Accurate and Efficient Rocket Plume Radiative Heat Transfer Predictions
Within the aerospace community, there is need for fast, yet accurate radiation models that can handle a variety of different scenarios, including rocket exhaust. Currently, if solutions are required in a short timeframe, a choice must be made between models with known limitations or very specific operating parameters. A computationally intensive model that is highly accurate may be used only if time is not an issue. The proposed work takes steps to eliminate this dilemma for the aerospace community. By developing a radiation model that can be widely and easily implemented, quick and yet still accurate, the pace of research and development can increase. This will lead to safer, more efficient and less costly designs.

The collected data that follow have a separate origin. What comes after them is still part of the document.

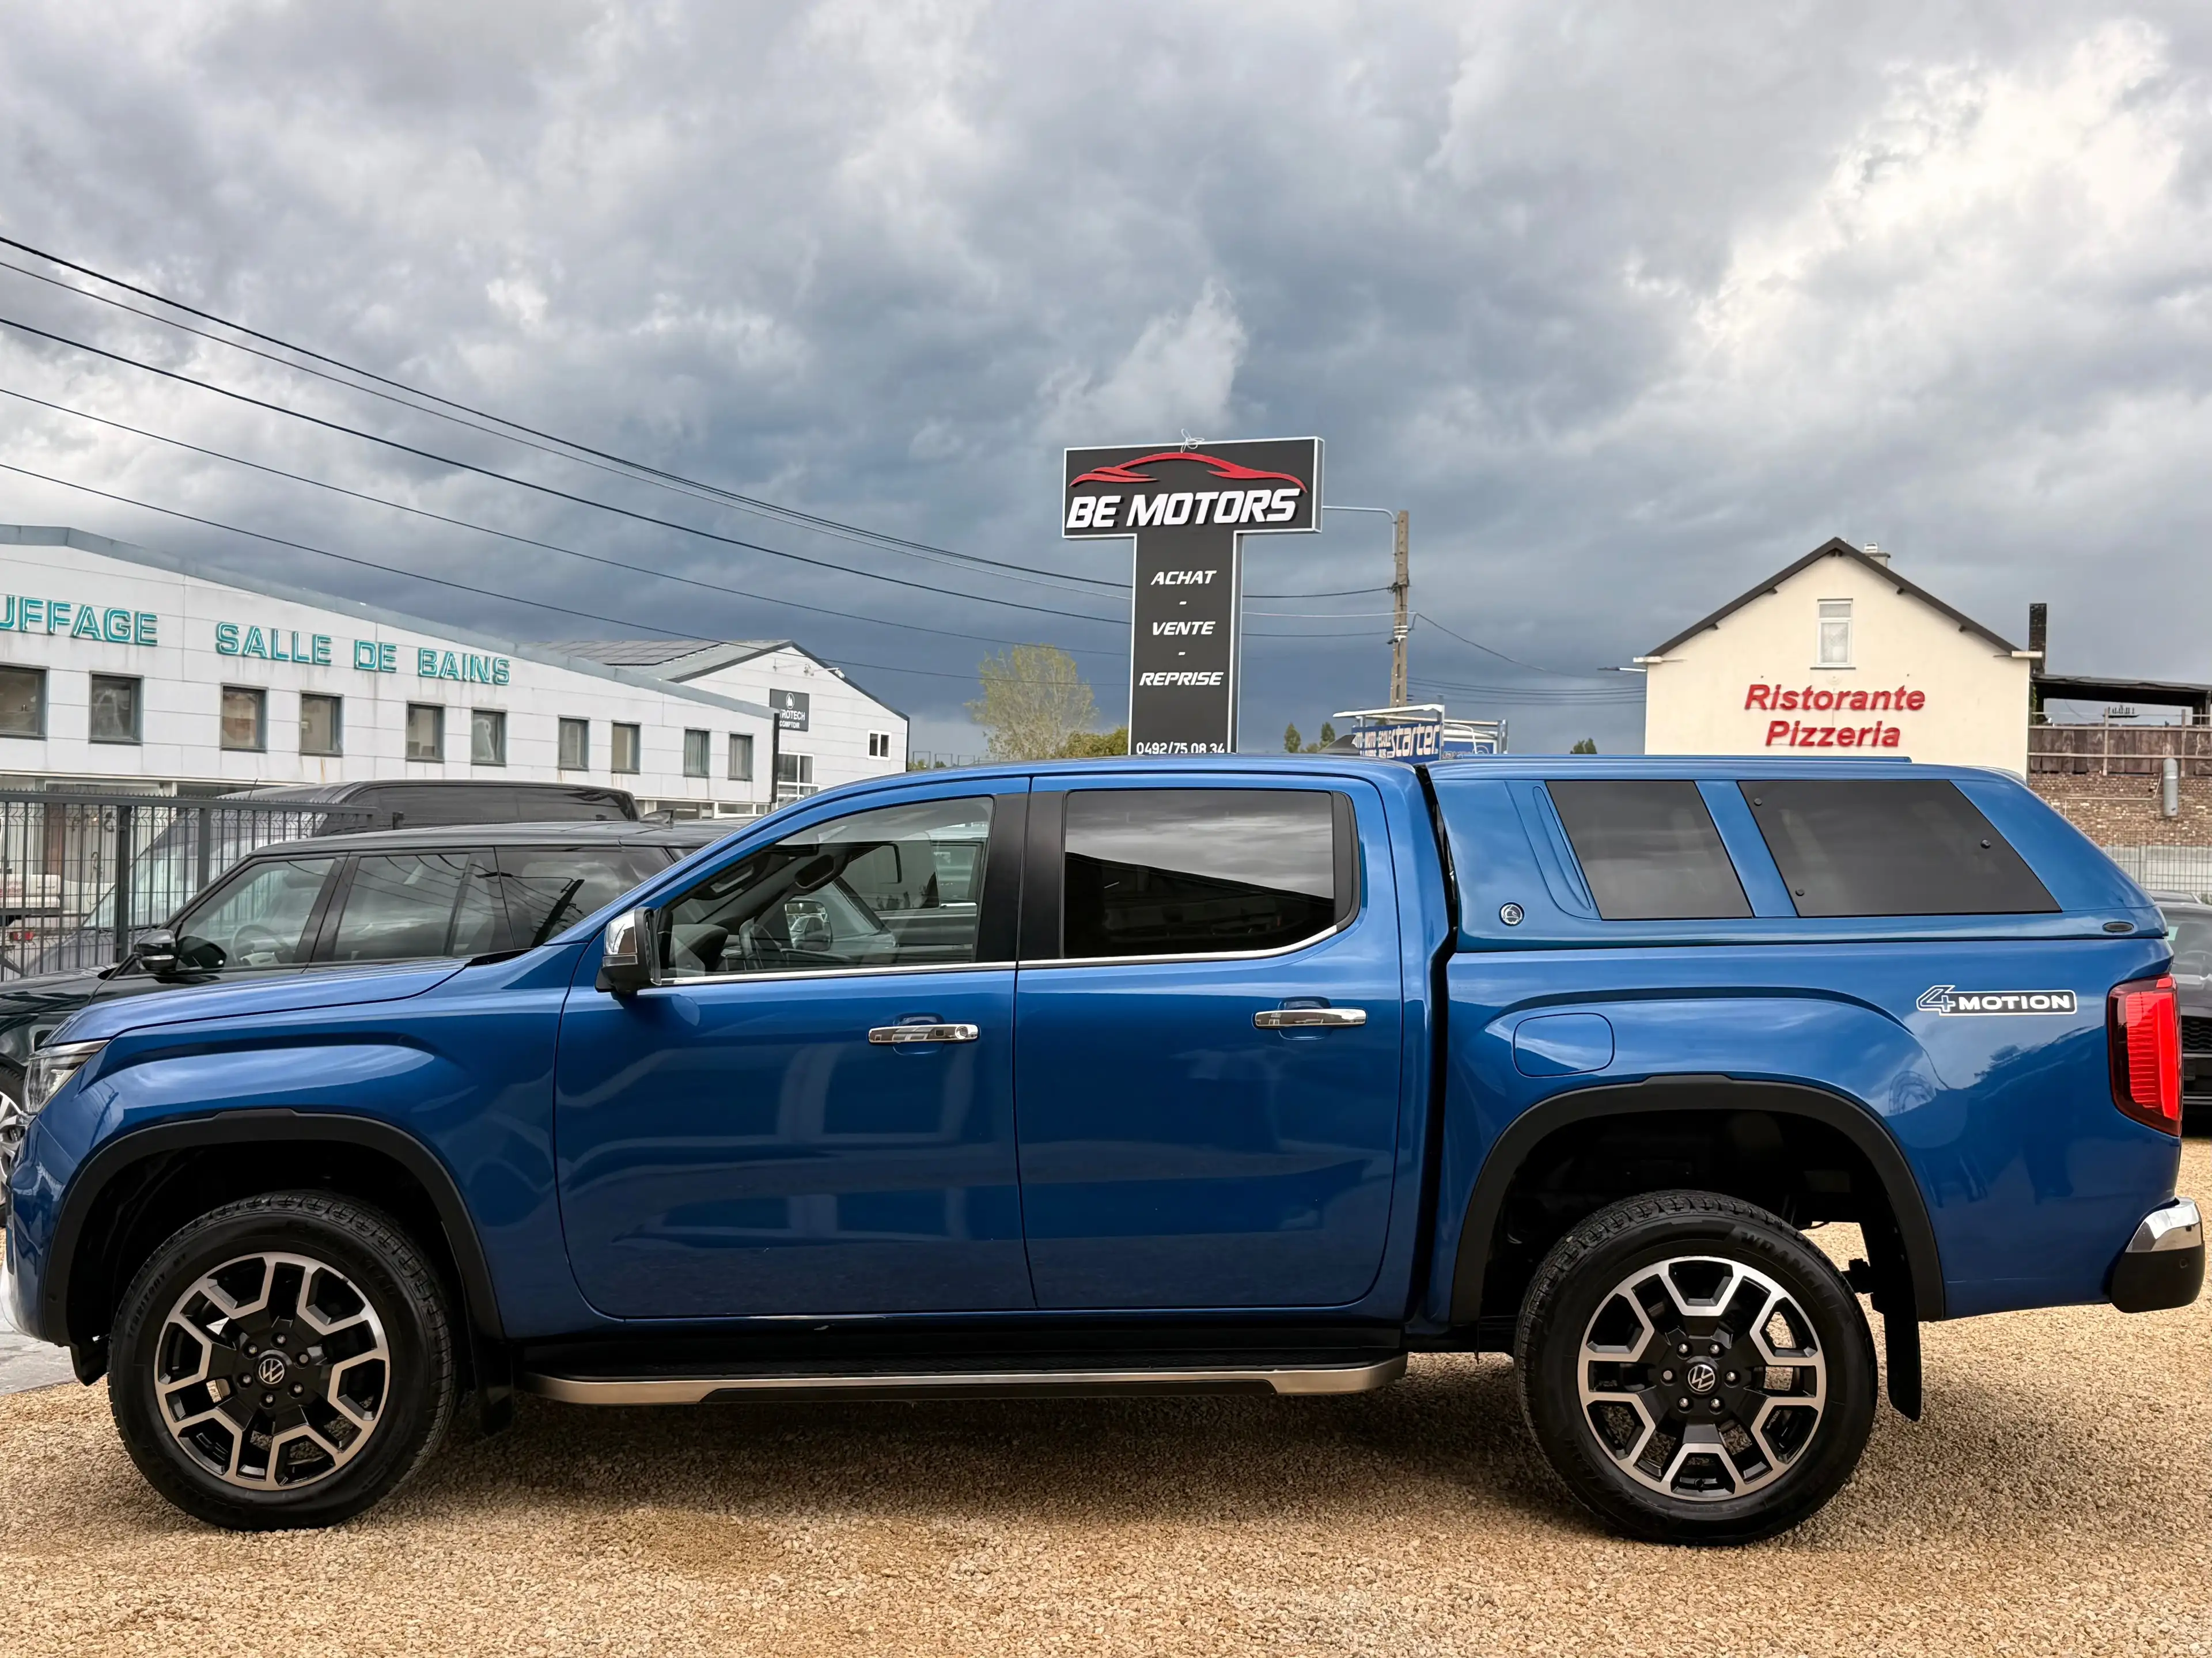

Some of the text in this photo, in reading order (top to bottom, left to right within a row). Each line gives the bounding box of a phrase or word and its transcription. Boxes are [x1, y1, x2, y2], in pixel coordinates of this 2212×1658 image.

[1066, 488, 1301, 529] BE MOTORS
[1150, 570, 1217, 585] ACHAT
[1153, 621, 1216, 635] VENTE
[215, 622, 332, 666] SALLE
[353, 639, 397, 673] DE
[417, 647, 511, 685] BAINS
[1139, 671, 1224, 686] REPRISE
[1744, 684, 1926, 711] Ristorante
[1765, 720, 1901, 747] Pizzeria
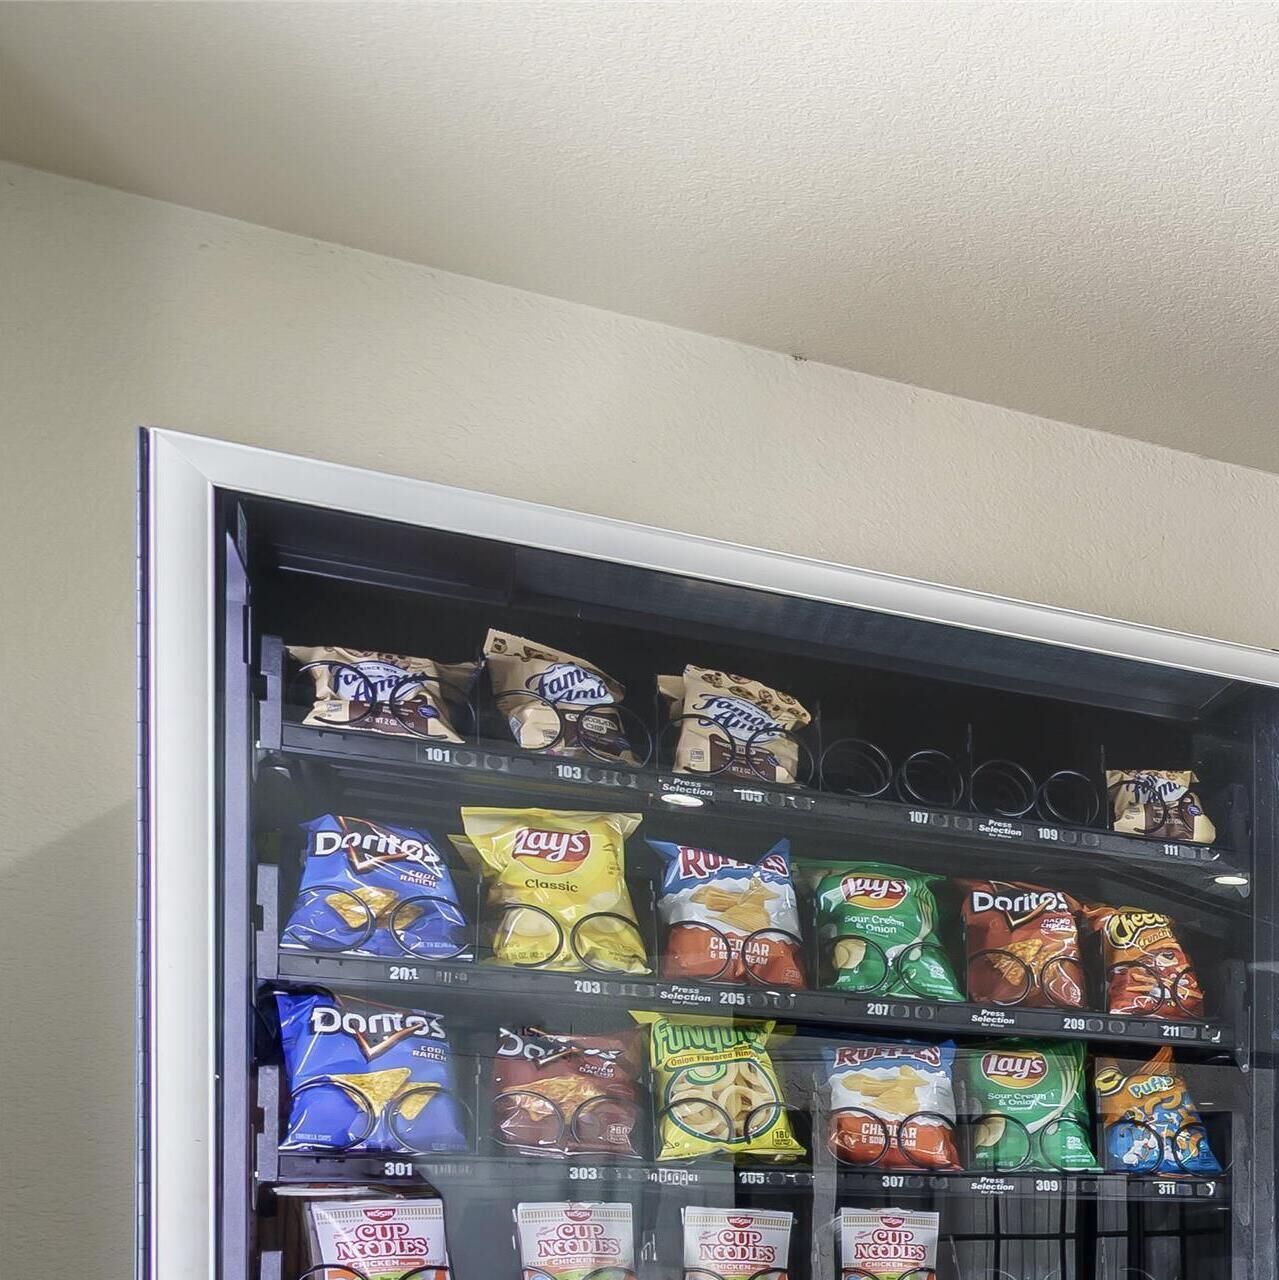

For the past year, research has been conducted to further the accuracy and efficiency of predicting the radiative heat transfer of the rocket exhaust of solid rocket motors at sea level. In particular, the simulated rocket exhaust was from a small solid rocket motor with a throat diameter of 2.535 inches and an exit diameter of 4.875 inches. The rocket was placed five feet above its mounting location on a miniaturized mockup of the mobile launch platform designed for the Ares I rocket, and the rocket exhaust was directed through a scaled-down flame trench. The purpose was to investigate whether the radiative heat transfer from the rocket exhaust of one vehicle could inadvertently ignite a nearby vehicle.
The objective of the present work is to modify The Discrete Ordinates Model (DOM) to describe radiative heat transfer. The method proposed under the present work consists of moving the discrete ordinates dynamically to produce the effect of having many ordinates with the computational expense of only a few. The idea is instead of having a few fixed ordinates, they will be redistributed dynamically throughout the domain. This will better utilize the available computational resources.
This research will lead to a high-fidelity radiation model for predicting the radiative heat transfer of both liquid and solid motor rocket exhaust. JDOM is comparable to the DO model in terms of computational cost but with a significant increase in accuracy. Cost savings will be realized by having faster computational results, the ability to develop more and higher-fidelity models during the design process and through accurate radiation design loads in the design process.